ACTION ITEM: Your output should be the records below, word for word and picture-free.

EXTRACTED RECORDS:

......

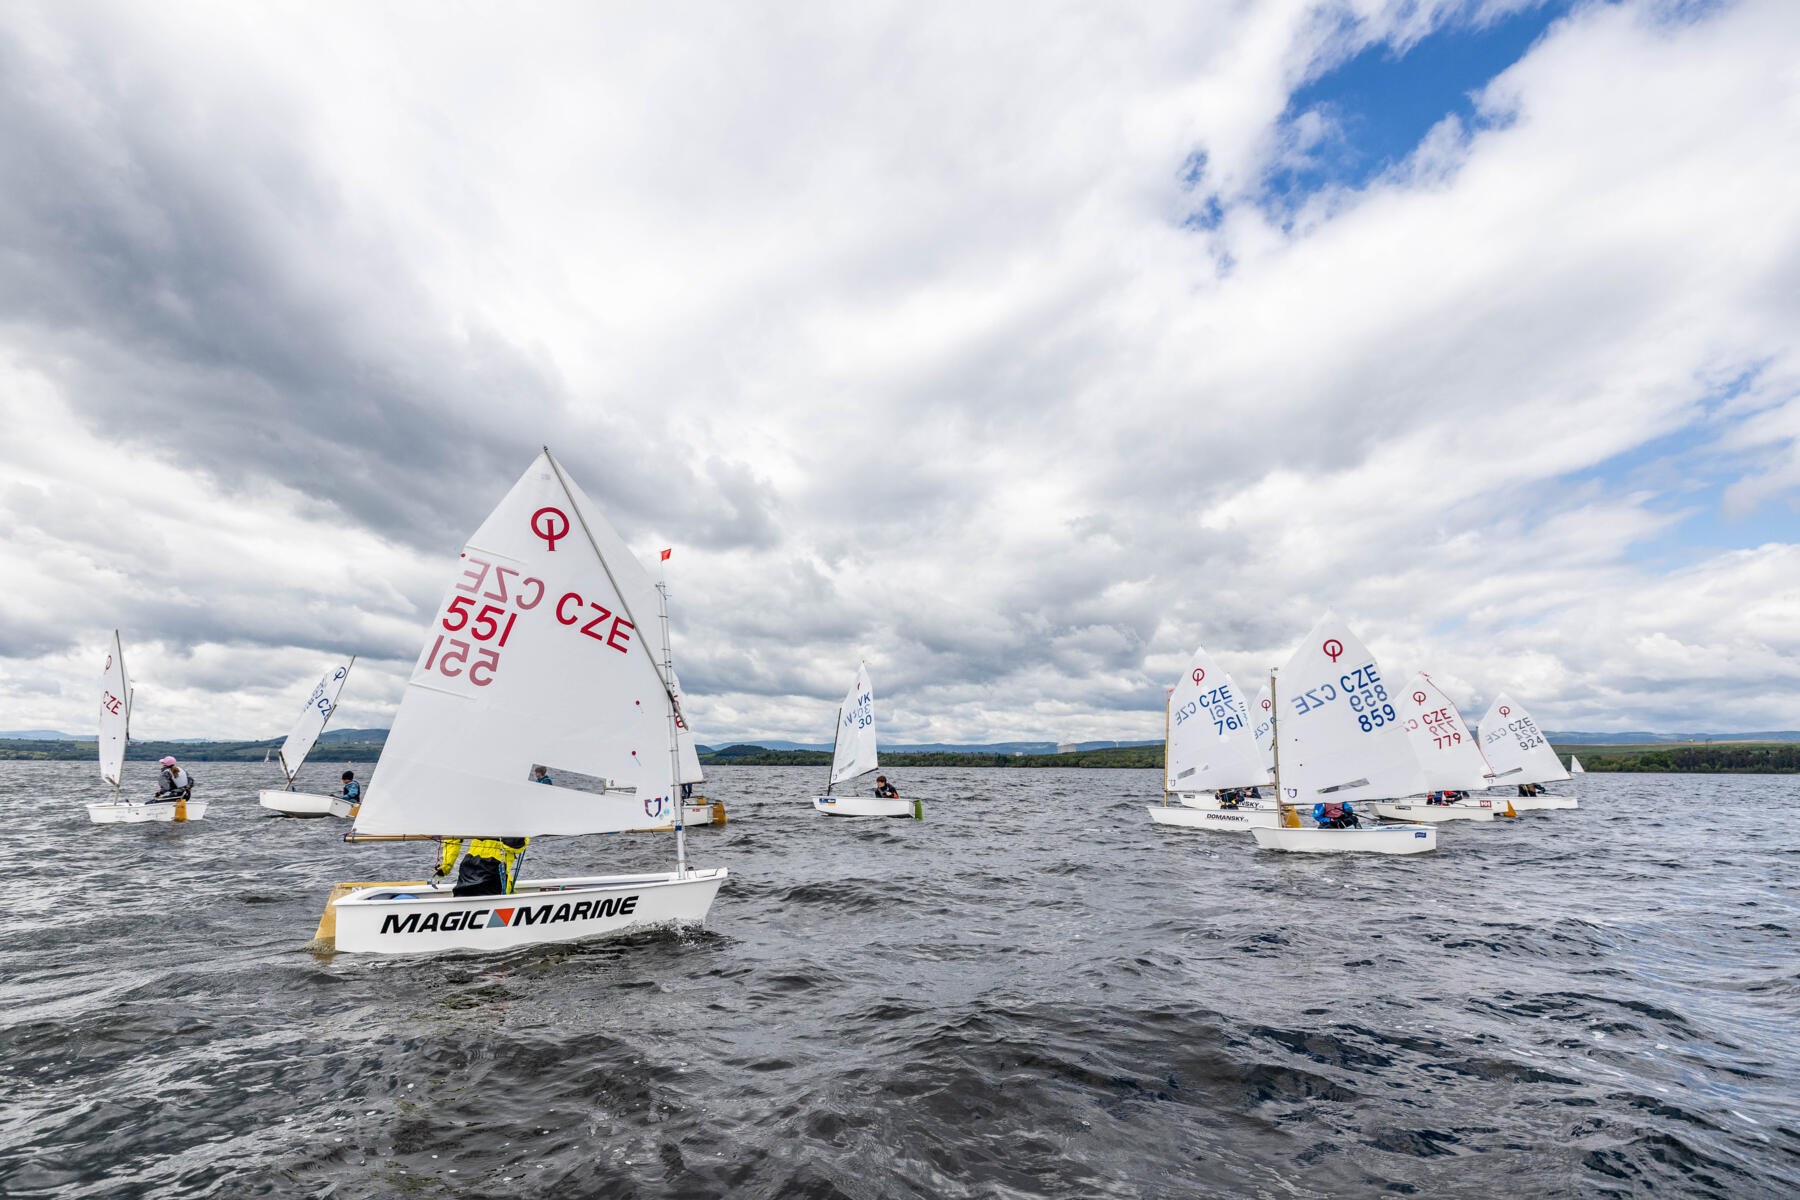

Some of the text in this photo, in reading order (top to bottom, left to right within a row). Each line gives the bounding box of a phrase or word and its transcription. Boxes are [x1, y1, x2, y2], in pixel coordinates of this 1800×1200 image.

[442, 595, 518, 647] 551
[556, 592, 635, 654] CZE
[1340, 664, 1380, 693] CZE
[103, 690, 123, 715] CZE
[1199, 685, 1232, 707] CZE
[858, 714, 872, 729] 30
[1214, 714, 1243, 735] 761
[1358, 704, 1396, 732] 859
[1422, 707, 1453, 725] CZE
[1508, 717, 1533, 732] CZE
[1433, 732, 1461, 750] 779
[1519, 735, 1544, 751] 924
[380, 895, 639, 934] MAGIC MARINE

......

TASK ANSWER:
Some of the text in this photo, in reading order (top to bottom, left to right within a row). Each line gives the bounding box of a phrase or word and its transcription. Boxes are [x1, y1, x2, y2], in pixel coordinates of this 1800×1200 image.

[442, 595, 518, 647] 551
[556, 592, 635, 654] CZE
[1340, 664, 1380, 693] CZE
[103, 690, 123, 715] CZE
[1199, 685, 1232, 707] CZE
[858, 714, 872, 729] 30
[1214, 714, 1243, 735] 761
[1358, 704, 1396, 732] 859
[1422, 707, 1453, 725] CZE
[1508, 717, 1533, 732] CZE
[1433, 732, 1461, 750] 779
[1519, 735, 1544, 751] 924
[380, 895, 639, 934] MAGIC MARINE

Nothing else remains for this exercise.